À ceux qui imaginent l’architecte comme celui qui dessine des plans millimétrés à la règle et au compas, ce livre rappelle qu’il est avant cela et avant tout observateur, réfléchi et imaginatif. Marc Gossé en appelle à une compréhension fine des contraintes de son environnement, aux traditions comme aux innovations, à la littérature (citant plusieurs écrivains mauriciens par exemple), à la réflexion politique, sociale et philosophique et à la culture. Il s’est imprégné au fil du temps depuis 1998 des différentes formes d’architecture présentes ici, en les étudiant et en les peignant. Outre ses réflexions personnelles sur le développement et les enjeux de l’autonomie rodriguaise, sont cités par exemple dans ce livre Pierre Bourdieu, Daniel Cohen, Alexandre Jollien, Joseph Stiglitz, etc.

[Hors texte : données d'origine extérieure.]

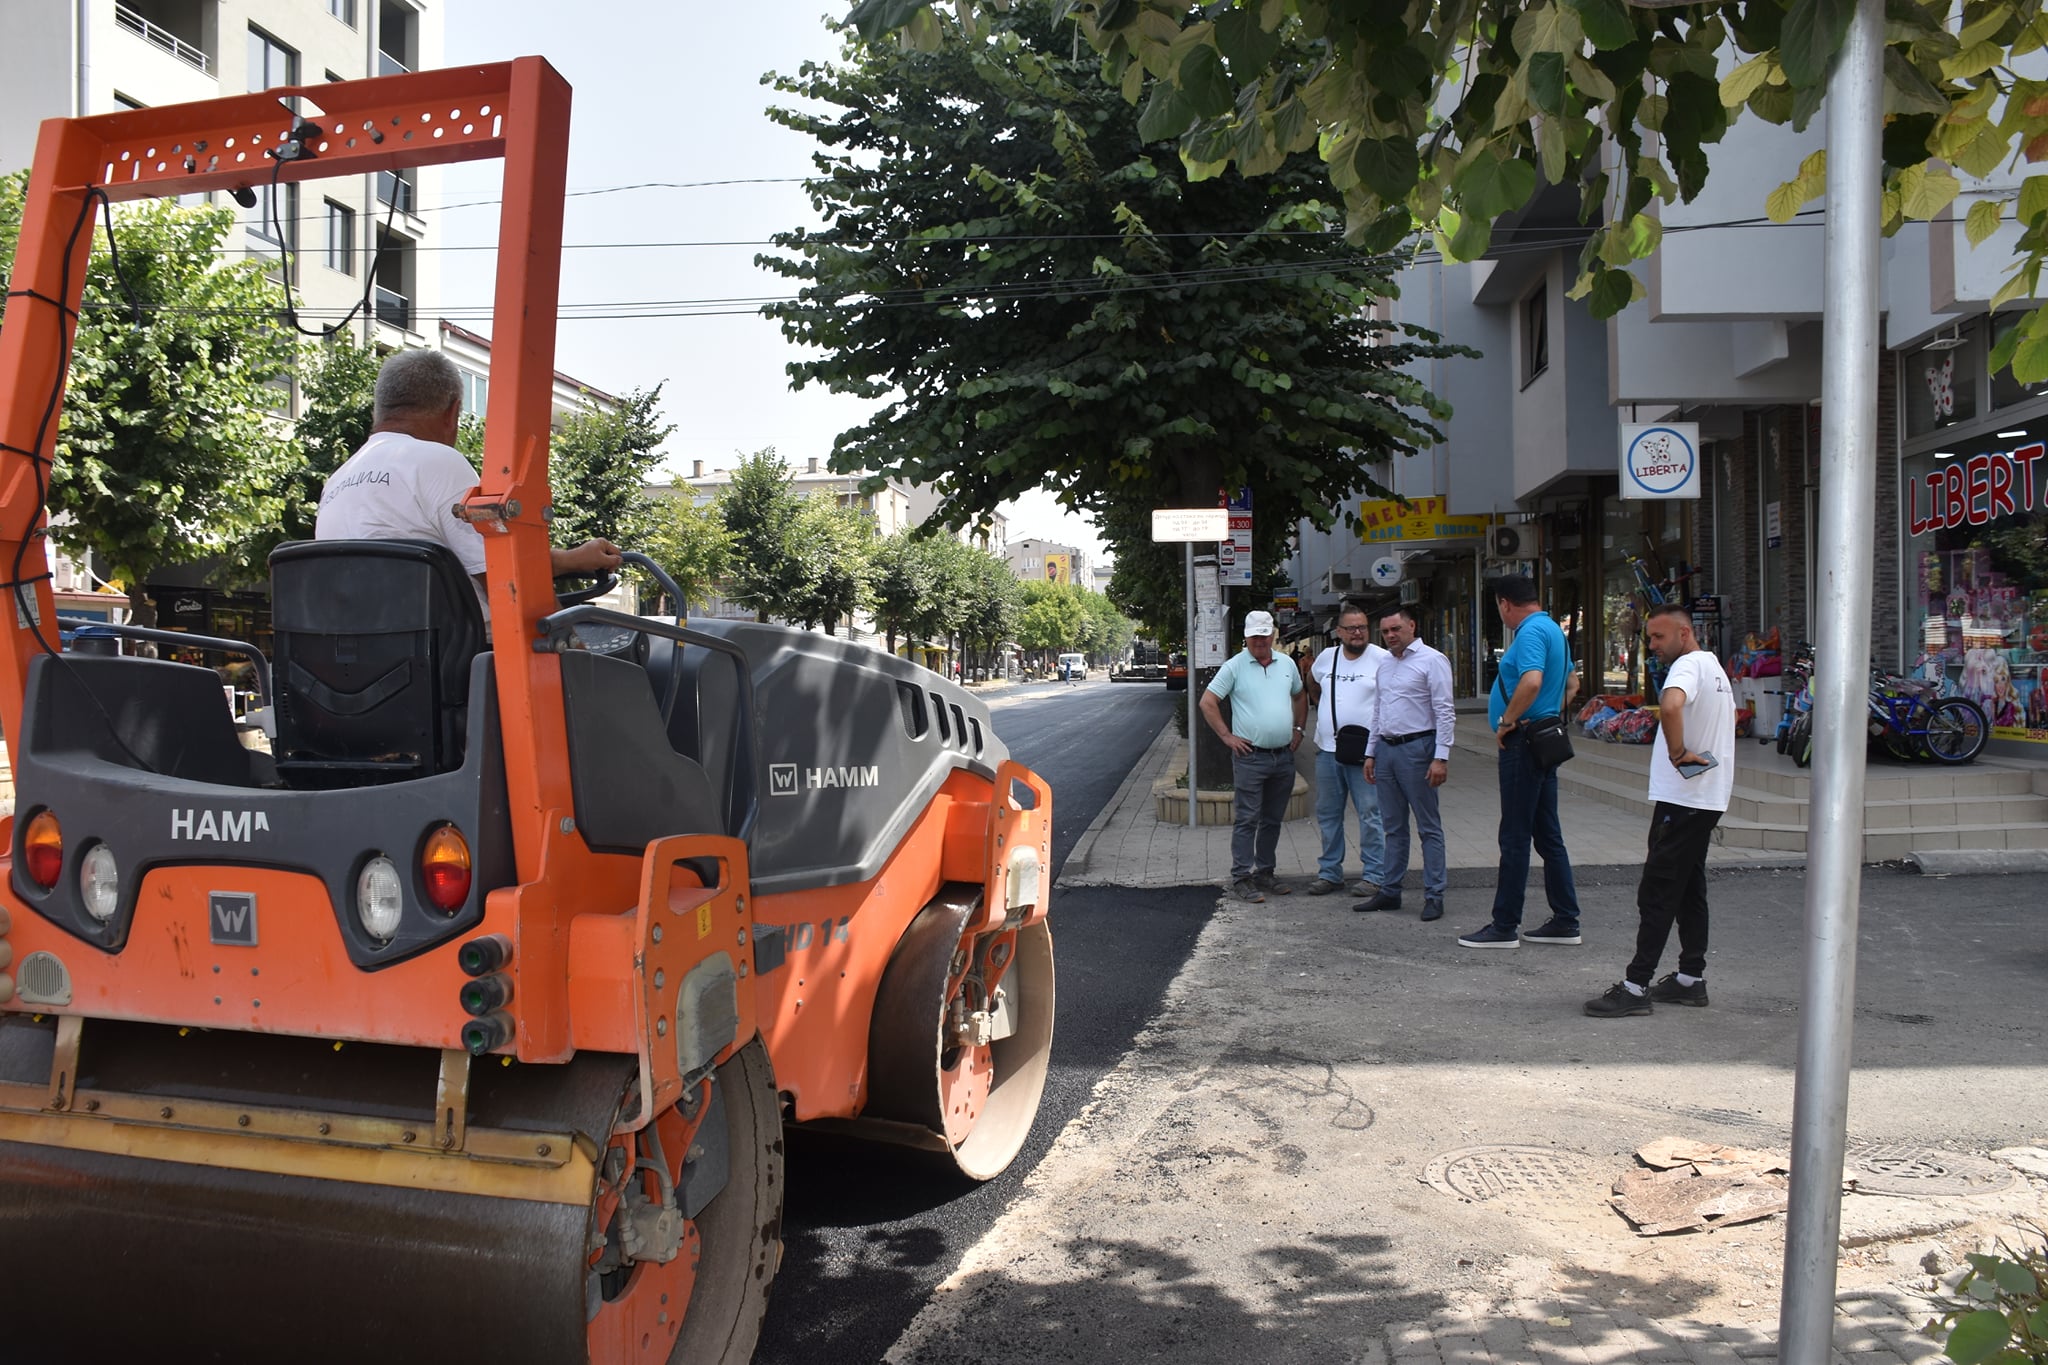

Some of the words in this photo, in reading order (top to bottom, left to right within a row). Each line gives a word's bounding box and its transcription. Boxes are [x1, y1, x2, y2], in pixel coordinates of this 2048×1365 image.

Partant du principe que la culture imprègne toutes les dimensions de la vie quotidienne, Décoculture propose non seulement des activités artistiques, mais aussi des expositions, conférences, séminaires de formation ayant trait aux défis environnementaux, à l’aménagement du territoire et l’architecture, à la santé, à l’agriculture ou encore aux industries. Ce lieu de débat, de réflexion et d’innovation se situe loin de « la promotion d’une culture officielle instrumentalisée par dans les ambitions touristiques ou les conformismes folkloriques » et s’attache à la « liberté de parole, apolitique et laïque ».
Cette association ne propose rien d’autre qu’un modèle de développement basé sur les ressources et les potentialités propres à Rodrigues. Les Eco-cases, ces maisons écologiques et économiques que Marc Gossé y a conçues en constituent une parfaite illustration… Une collecte de livres a permis de démarrer la bibliothèque, à laquelle se sont ajoutées une librairie-papeterie commerciale et une cafétéria. Outre les peintres tels que Desiré Wong So qui ont exposé dans la salle polyvalente, des artistes ou écrivains comme Ben Gontran, l’accordéoniste Ton Yom, les groupes Akoustika et Gold, ou encore Aurèle André et le conteur Rosange sont des habitués des lieux.